====== Records for the exercise

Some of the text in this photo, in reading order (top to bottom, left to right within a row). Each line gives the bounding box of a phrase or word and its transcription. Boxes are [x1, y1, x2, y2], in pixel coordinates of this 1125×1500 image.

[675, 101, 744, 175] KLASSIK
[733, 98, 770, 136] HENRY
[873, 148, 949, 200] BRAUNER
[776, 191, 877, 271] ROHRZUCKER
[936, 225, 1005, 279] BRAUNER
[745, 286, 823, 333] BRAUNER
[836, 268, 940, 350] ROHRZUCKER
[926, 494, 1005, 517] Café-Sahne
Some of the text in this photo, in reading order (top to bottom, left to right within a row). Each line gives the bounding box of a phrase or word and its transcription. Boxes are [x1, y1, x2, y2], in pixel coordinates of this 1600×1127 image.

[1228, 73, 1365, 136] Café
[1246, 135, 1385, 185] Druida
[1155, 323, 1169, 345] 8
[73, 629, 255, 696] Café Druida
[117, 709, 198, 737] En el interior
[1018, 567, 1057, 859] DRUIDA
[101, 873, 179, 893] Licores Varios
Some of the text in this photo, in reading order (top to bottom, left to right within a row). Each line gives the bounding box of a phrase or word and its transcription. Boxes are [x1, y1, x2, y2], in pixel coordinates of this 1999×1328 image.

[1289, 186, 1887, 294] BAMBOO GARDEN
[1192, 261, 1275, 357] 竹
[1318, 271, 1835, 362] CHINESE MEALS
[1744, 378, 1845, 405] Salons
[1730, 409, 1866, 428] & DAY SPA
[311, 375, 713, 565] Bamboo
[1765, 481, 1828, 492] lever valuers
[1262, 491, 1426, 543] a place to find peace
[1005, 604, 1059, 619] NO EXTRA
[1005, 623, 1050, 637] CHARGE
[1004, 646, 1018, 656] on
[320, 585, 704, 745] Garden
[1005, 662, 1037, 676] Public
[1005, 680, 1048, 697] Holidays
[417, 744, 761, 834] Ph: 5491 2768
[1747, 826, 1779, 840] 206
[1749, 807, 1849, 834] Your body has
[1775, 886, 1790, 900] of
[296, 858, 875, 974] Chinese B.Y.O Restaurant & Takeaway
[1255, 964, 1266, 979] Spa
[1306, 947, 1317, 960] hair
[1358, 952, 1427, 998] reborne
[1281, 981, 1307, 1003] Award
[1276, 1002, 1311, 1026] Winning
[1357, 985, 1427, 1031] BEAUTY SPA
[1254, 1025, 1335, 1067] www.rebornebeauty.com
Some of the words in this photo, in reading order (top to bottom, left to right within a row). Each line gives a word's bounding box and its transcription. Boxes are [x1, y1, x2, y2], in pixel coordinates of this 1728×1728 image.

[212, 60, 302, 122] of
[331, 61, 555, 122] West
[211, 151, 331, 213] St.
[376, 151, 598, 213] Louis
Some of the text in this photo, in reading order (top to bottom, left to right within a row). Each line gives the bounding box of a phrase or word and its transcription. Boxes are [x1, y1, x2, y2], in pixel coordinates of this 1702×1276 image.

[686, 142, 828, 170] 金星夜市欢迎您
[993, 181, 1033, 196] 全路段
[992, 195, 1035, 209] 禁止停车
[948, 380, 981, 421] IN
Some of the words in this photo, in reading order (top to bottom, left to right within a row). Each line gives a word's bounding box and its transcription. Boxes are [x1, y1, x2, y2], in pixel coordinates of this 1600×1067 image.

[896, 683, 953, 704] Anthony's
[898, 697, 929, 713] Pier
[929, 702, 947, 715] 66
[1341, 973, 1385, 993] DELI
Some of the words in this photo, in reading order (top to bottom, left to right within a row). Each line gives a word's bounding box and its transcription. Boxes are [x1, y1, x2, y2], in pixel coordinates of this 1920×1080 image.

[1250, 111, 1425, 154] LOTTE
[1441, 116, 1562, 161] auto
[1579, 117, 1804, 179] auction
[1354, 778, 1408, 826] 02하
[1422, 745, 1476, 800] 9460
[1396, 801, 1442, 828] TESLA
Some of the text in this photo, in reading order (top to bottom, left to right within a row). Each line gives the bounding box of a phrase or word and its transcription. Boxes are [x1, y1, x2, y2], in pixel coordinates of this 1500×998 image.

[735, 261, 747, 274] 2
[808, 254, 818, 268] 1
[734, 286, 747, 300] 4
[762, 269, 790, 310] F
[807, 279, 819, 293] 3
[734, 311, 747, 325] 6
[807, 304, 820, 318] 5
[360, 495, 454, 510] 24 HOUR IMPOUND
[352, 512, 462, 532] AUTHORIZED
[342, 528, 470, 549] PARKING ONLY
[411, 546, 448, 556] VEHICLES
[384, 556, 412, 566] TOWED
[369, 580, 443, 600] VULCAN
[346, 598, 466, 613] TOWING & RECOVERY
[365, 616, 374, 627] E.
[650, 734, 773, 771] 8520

============

Exercise directions >>
With every line intact, reproduce the listing verbatim.

Task output >>
Some of the text in this photo, in reading order (top to bottom, left to right within a row). Each line gives the bounding box of a phrase or word and its transcription. Boxes are [x1, y1, x2, y2], in pixel coordinates of this 1125×1500 image.

[675, 101, 744, 175] KLASSIK
[733, 98, 770, 136] HENRY
[873, 148, 949, 200] BRAUNER
[776, 191, 877, 271] ROHRZUCKER
[936, 225, 1005, 279] BRAUNER
[745, 286, 823, 333] BRAUNER
[836, 268, 940, 350] ROHRZUCKER
[926, 494, 1005, 517] Café-Sahne
Some of the text in this photo, in reading order (top to bottom, left to right within a row). Each line gives the bounding box of a phrase or word and its transcription. Boxes are [x1, y1, x2, y2], in pixel coordinates of this 1600×1127 image.

[1228, 73, 1365, 136] Café
[1246, 135, 1385, 185] Druida
[1155, 323, 1169, 345] 8
[73, 629, 255, 696] Café Druida
[117, 709, 198, 737] En el interior
[1018, 567, 1057, 859] DRUIDA
[101, 873, 179, 893] Licores Varios
Some of the text in this photo, in reading order (top to bottom, left to right within a row). Each line gives the bounding box of a phrase or word and its transcription. Boxes are [x1, y1, x2, y2], in pixel coordinates of this 1999×1328 image.

[1289, 186, 1887, 294] BAMBOO GARDEN
[1192, 261, 1275, 357] 竹
[1318, 271, 1835, 362] CHINESE MEALS
[1744, 378, 1845, 405] Salons
[1730, 409, 1866, 428] & DAY SPA
[311, 375, 713, 565] Bamboo
[1765, 481, 1828, 492] lever valuers
[1262, 491, 1426, 543] a place to find peace
[1005, 604, 1059, 619] NO EXTRA
[1005, 623, 1050, 637] CHARGE
[1004, 646, 1018, 656] on
[320, 585, 704, 745] Garden
[1005, 662, 1037, 676] Public
[1005, 680, 1048, 697] Holidays
[417, 744, 761, 834] Ph: 5491 2768
[1747, 826, 1779, 840] 206
[1749, 807, 1849, 834] Your body has
[1775, 886, 1790, 900] of
[296, 858, 875, 974] Chinese B.Y.O Restaurant & Takeaway
[1255, 964, 1266, 979] Spa
[1306, 947, 1317, 960] hair
[1358, 952, 1427, 998] reborne
[1281, 981, 1307, 1003] Award
[1276, 1002, 1311, 1026] Winning
[1357, 985, 1427, 1031] BEAUTY SPA
[1254, 1025, 1335, 1067] www.rebornebeauty.com
Some of the words in this photo, in reading order (top to bottom, left to right within a row). Each line gives a word's bounding box and its transcription. Boxes are [x1, y1, x2, y2], in pixel coordinates of this 1728×1728 image.

[212, 60, 302, 122] of
[331, 61, 555, 122] West
[211, 151, 331, 213] St.
[376, 151, 598, 213] Louis
Some of the text in this photo, in reading order (top to bottom, left to right within a row). Each line gives the bounding box of a phrase or word and its transcription. Boxes are [x1, y1, x2, y2], in pixel coordinates of this 1702×1276 image.

[686, 142, 828, 170] 金星夜市欢迎您
[993, 181, 1033, 196] 全路段
[992, 195, 1035, 209] 禁止停车
[948, 380, 981, 421] IN
Some of the words in this photo, in reading order (top to bottom, left to right within a row). Each line gives a word's bounding box and its transcription. Boxes are [x1, y1, x2, y2], in pixel coordinates of this 1600×1067 image.

[896, 683, 953, 704] Anthony's
[898, 697, 929, 713] Pier
[929, 702, 947, 715] 66
[1341, 973, 1385, 993] DELI
Some of the words in this photo, in reading order (top to bottom, left to right within a row). Each line gives a word's bounding box and its transcription. Boxes are [x1, y1, x2, y2], in pixel coordinates of this 1920×1080 image.

[1250, 111, 1425, 154] LOTTE
[1441, 116, 1562, 161] auto
[1579, 117, 1804, 179] auction
[1354, 778, 1408, 826] 02하
[1422, 745, 1476, 800] 9460
[1396, 801, 1442, 828] TESLA
Some of the text in this photo, in reading order (top to bottom, left to right within a row). Each line gives the bounding box of a phrase or word and its transcription. Boxes are [x1, y1, x2, y2], in pixel coordinates of this 1500×998 image.

[735, 261, 747, 274] 2
[808, 254, 818, 268] 1
[734, 286, 747, 300] 4
[762, 269, 790, 310] F
[807, 279, 819, 293] 3
[734, 311, 747, 325] 6
[807, 304, 820, 318] 5
[360, 495, 454, 510] 24 HOUR IMPOUND
[352, 512, 462, 532] AUTHORIZED
[342, 528, 470, 549] PARKING ONLY
[411, 546, 448, 556] VEHICLES
[384, 556, 412, 566] TOWED
[369, 580, 443, 600] VULCAN
[346, 598, 466, 613] TOWING & RECOVERY
[365, 616, 374, 627] E.
[650, 734, 773, 771] 8520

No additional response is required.